2 Contents vs. states of consciousness

An important distinction in consciousness research is that between the contents and a state of consciousness (Chalmers 2000). The concept of the contents of consciousness refers to individual subjective experiences that occur in phenomenal consciousness, such as reading a word or hearing birdsong, and as such they are sometimes referred to as the phenomenal contents of consciousness (Revonsuo 2006). Most neural experiments on consciousness, especially in the dominant field of visual awareness studies, are concerned with the neural basis of such specific contents of consciousness, i.e., they select one or two subjective experiences within an overall stream of consciousness. In this type of experiment, participants may be presented with stimuli close to their perceptual threshold (Del Cul et al. 2009) or they may be instructed to observe ambiguous stimuli that may lead to perception of several alternating contents of consciousness (Kornmeier & Bach 2012). The brain responses are then contrasted between trials that differ in awareness of these stimuli. Notably, while participants in such experiments report being unaware of some contents of consciousness, they still maintain awareness of other experiences: such as seeing the edges of a computer screen, hearing the background noise of the Magnetic Resonance Imaging (MRI) scanner, or letting their thoughts wander away from the experimental task. Typically, such experiences are ignored as task-irrelevant, and consequently the so-called “unaware” or “unconscious” trials still bear very rich phenomenology.

Contrary to the selective contents of consciousness, the concept of the state of consciousness refers to an overall pattern of subjective psychological functioning that includes the totality of phenomenal contents of consciousness (Rosenthal 1986; Tart 1972). In addition to the relaxed waking state of consciousness in a healthy volunteer, which could be also regarded as a baseline state, altered, unconscious, and non-conscious states can be distinguished. In altered states of consciousness, such as dreaming or Lysergic Acid Diethylamide (LSD) psychomodulation, subjective experiences may undergo various perceptual and cognitive alterations, the neural basis of which can be studied by contrasting them with a baseline state of consciousness, e.g., by comparing brain activity before and after hallucinogen intake (Carhart-Harris et al. 2012). Given that there is no widely accepted definition and criterion for an altered state of consciousness (Móró 2010; Revonsuo et al. 2009), a rather common approach is to describe, classify, and study states that are traditionally called altered, avoiding a single definition that would grasp the core of all altered states of consciousness (Vaitl et al. 2005).

Contrary to the baseline and altered states of consciousness, unconscious states are deprived of subjective experiences, but they may still maintain the potential to become conscious.
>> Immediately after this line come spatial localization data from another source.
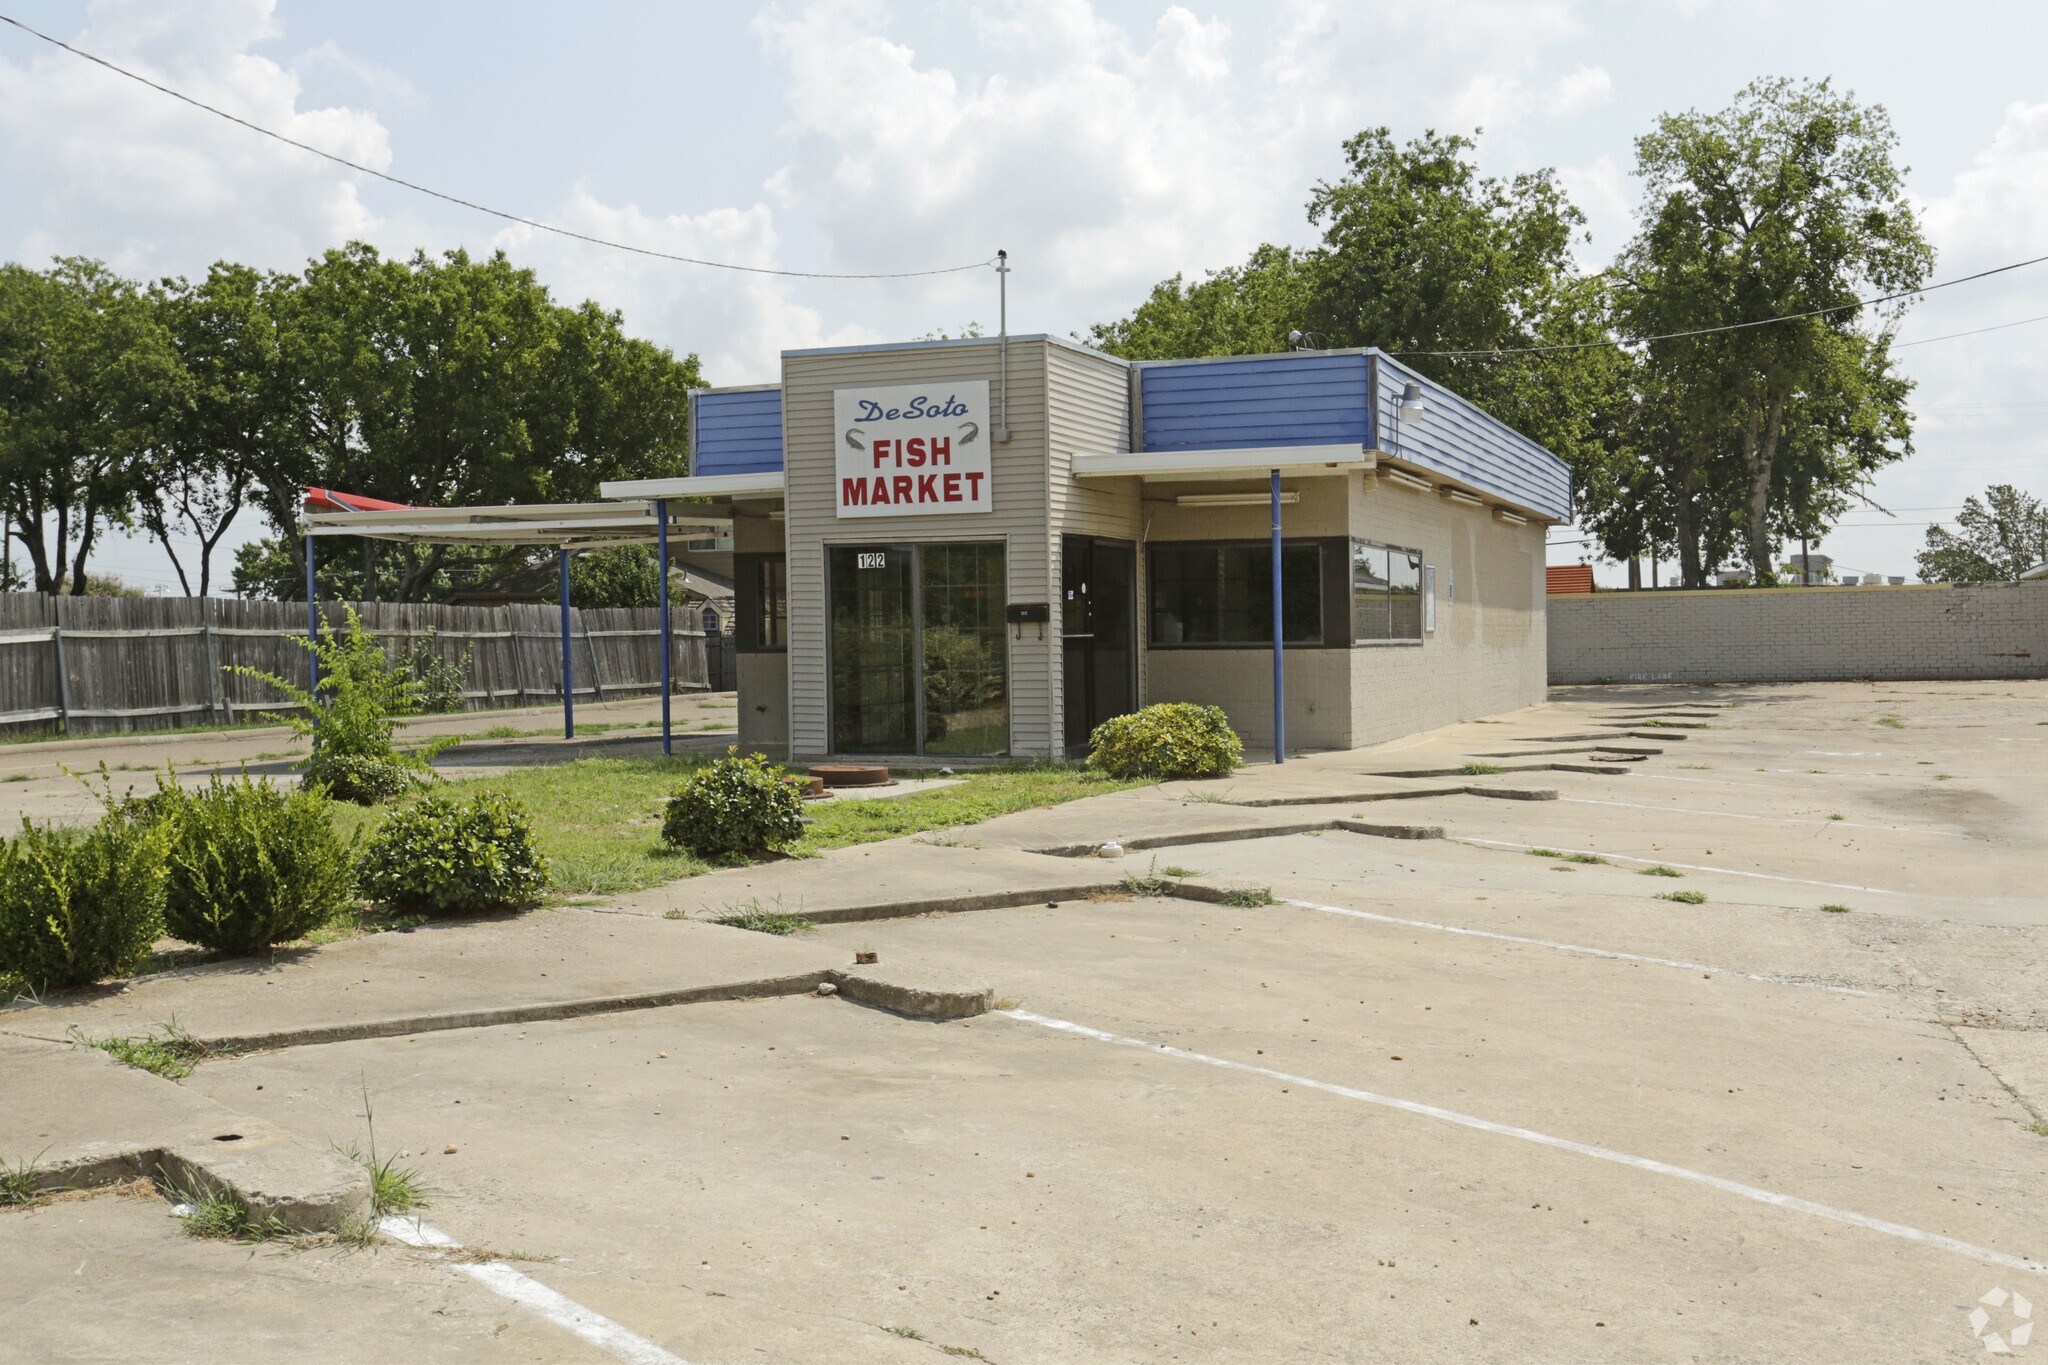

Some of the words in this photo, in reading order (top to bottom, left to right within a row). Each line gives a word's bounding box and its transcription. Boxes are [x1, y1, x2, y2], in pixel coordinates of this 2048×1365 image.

[854, 395, 968, 422] DeSoto
[873, 437, 951, 468] FISH
[842, 472, 984, 506] MARKET
[859, 553, 884, 568] 122
[1651, 672, 1672, 680] LANE
For instance, an unconscious state of dreamless sleep may turn into a conscious sleep once a sleeping participant begins to dream (for an alternative interpretation of dreamless seep, see Thompson this collection). Finally, nonconscious states are those completely deprived of a capacity to support phenomenal consciousness, such as an irreversible coma. In clinical neuroscience, the most extensively studied contrast between a pathological altered state of consciousness and an unconscious or non-conscious state is a comparison between minimally conscious and vegetative state patients (Sitt et al. 2014). When states of (un)consciousness are contrasted, neural representations of specific experiences are typically ignored, making it difficult or even impossible to assess the phenomenal specificity of findings, e.g., if participants were aware of particular external stimuli or what internally generated experiences they had. Nevertheless, research into these states may reveal neural patterns that are common to all subjective experiences without individuating them.
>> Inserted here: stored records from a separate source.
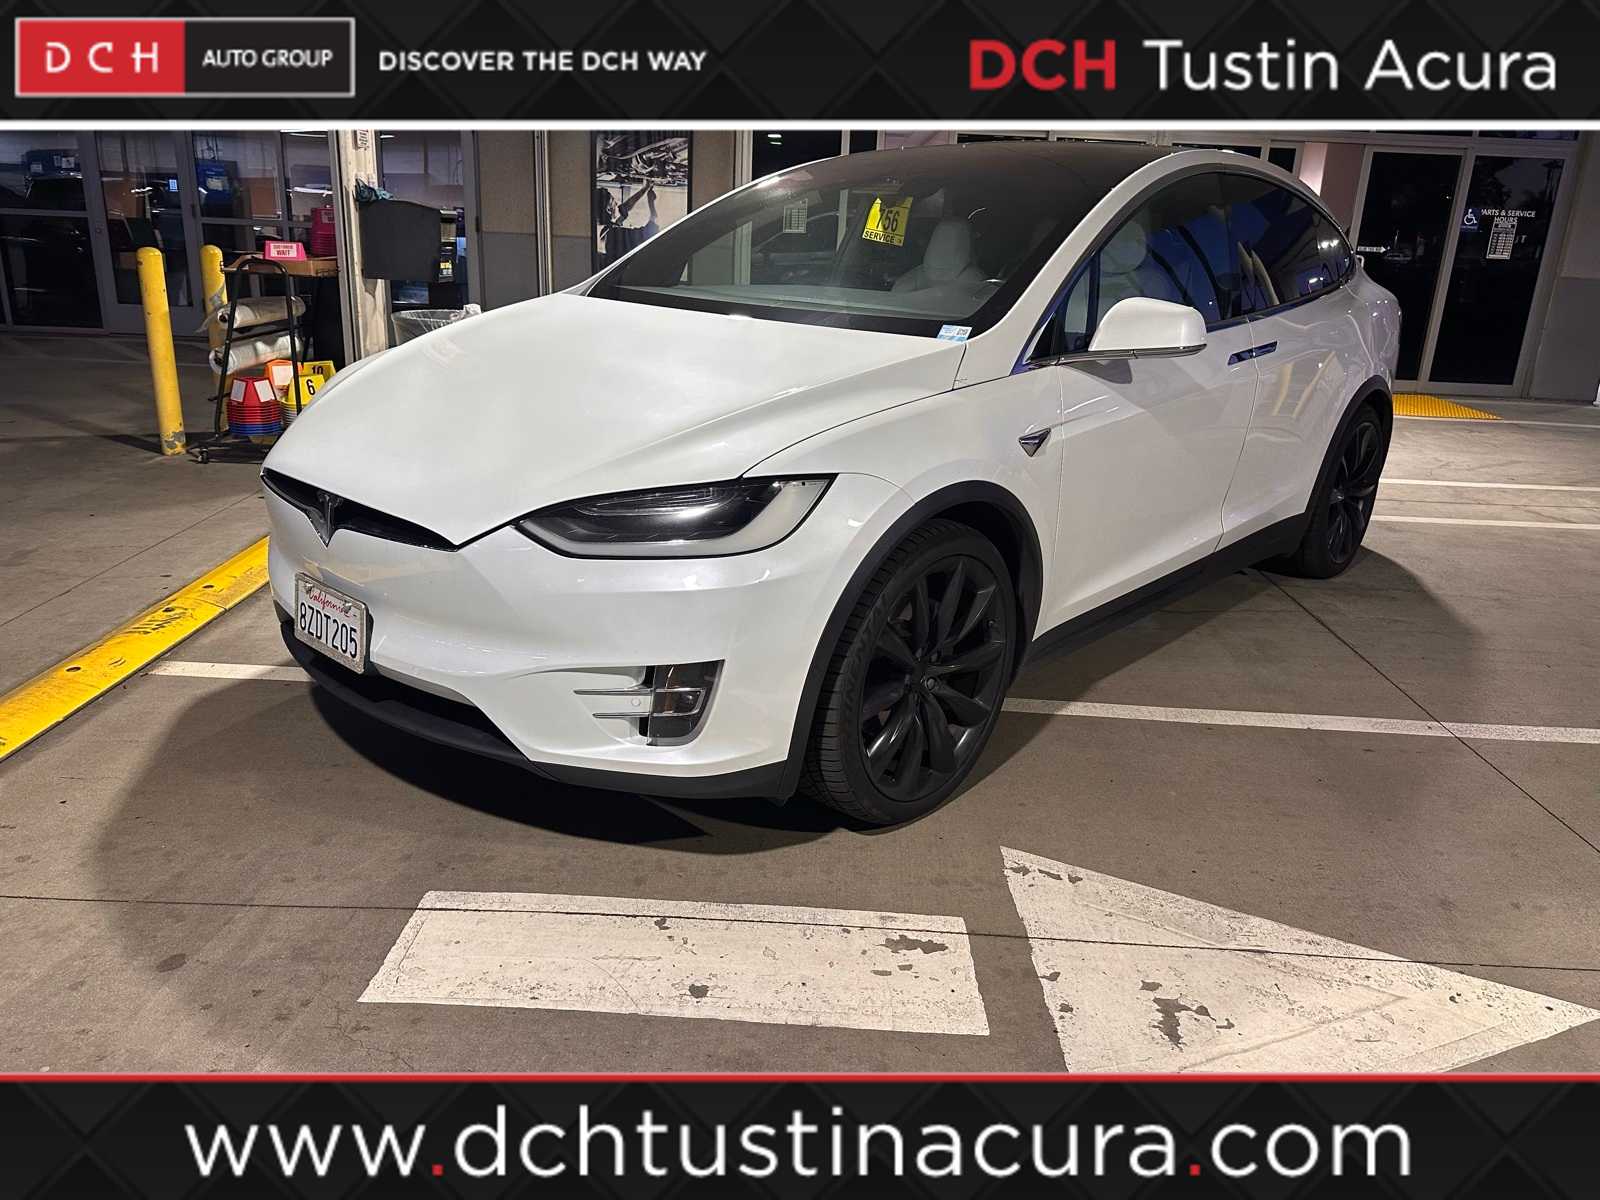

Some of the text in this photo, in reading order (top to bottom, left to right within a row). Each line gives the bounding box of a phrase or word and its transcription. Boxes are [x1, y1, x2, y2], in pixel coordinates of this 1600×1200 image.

[1507, 209, 1536, 218] SERVICE
[863, 230, 895, 243] SERVICE
[306, 378, 316, 396] 6
[300, 602, 358, 659] 8ZDT205
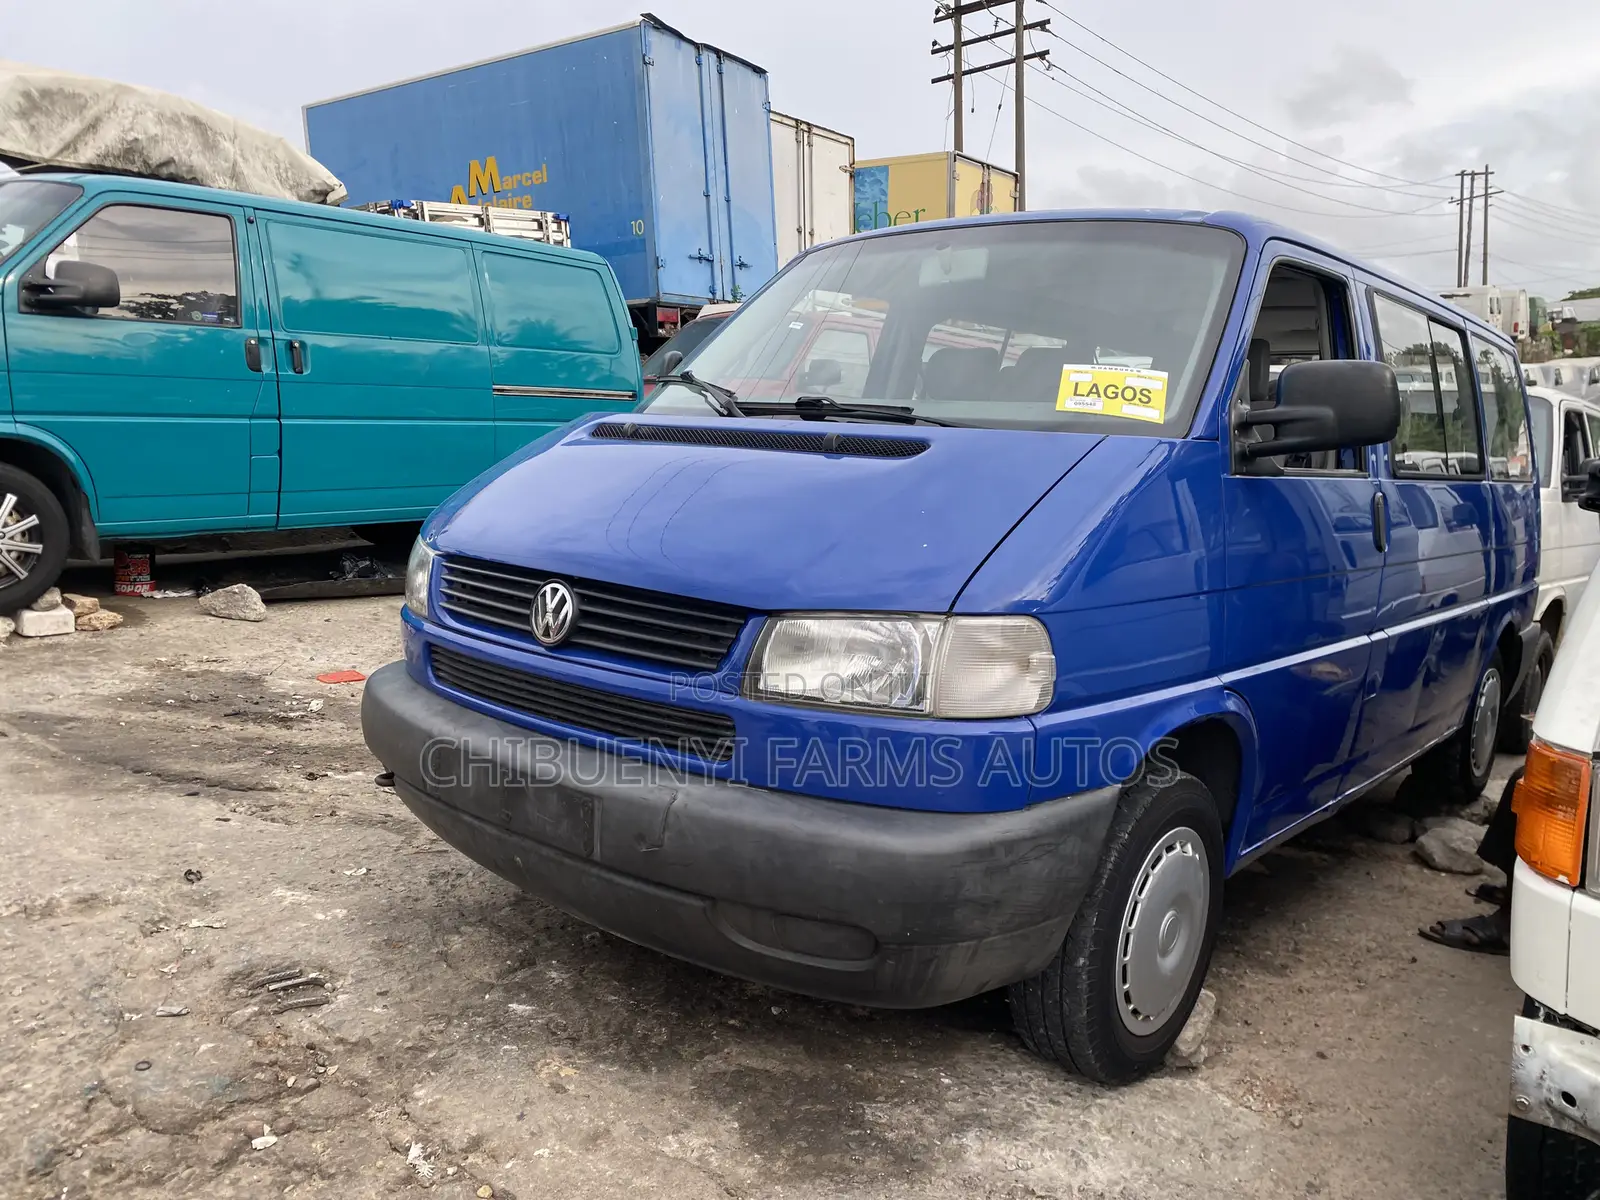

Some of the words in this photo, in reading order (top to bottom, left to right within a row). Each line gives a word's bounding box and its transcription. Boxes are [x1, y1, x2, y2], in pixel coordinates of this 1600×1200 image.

[468, 156, 548, 198] Marcel
[631, 219, 645, 236] 10
[1073, 382, 1152, 405] LAGOS
It is possible that these two lines of research may eventually reveal rather different, if not independent, NCC systems: a neural correlate of the state of consciousness and a neural correlate of the contents of consciousness (Chalmers 2000). If these exist, any neuroscientific program of consciousness research would be incomplete without searching for a state NCC. Furthermore, even if a separate state NCC did not exist, there is currently no evidence for this, and thus NCC research is incomplete if it does not investigate this possibility. This view is often dismissed on the basis that some of the most plausible candidates for a state NCC, such as the brainstem reticular formation (Merker 2007; Parvizi & Damasio 2001), are rather low-level neural systems, whereas converging evidence shows that consciousness is a cortical process (Singer this collection). Furthermore, it could be argued that a conscious state may be nothing more than the sum of individual experiences, in which case revealing the NCC of specific contents would automatically explain the state NCC. Yet a brief analysis of the fundamental structural properties of consciousness—see the following section—shows that the necessary and sufficient NCC cannot be revealed by an exclusive focus on the contents of consciousness. Notably, the arguments presented in this commentary will be confined to the biological nature of human and animal consciousness, and as such they are not applicable to the problem of machine, extraterrestrial, or silicon-brain consciousness.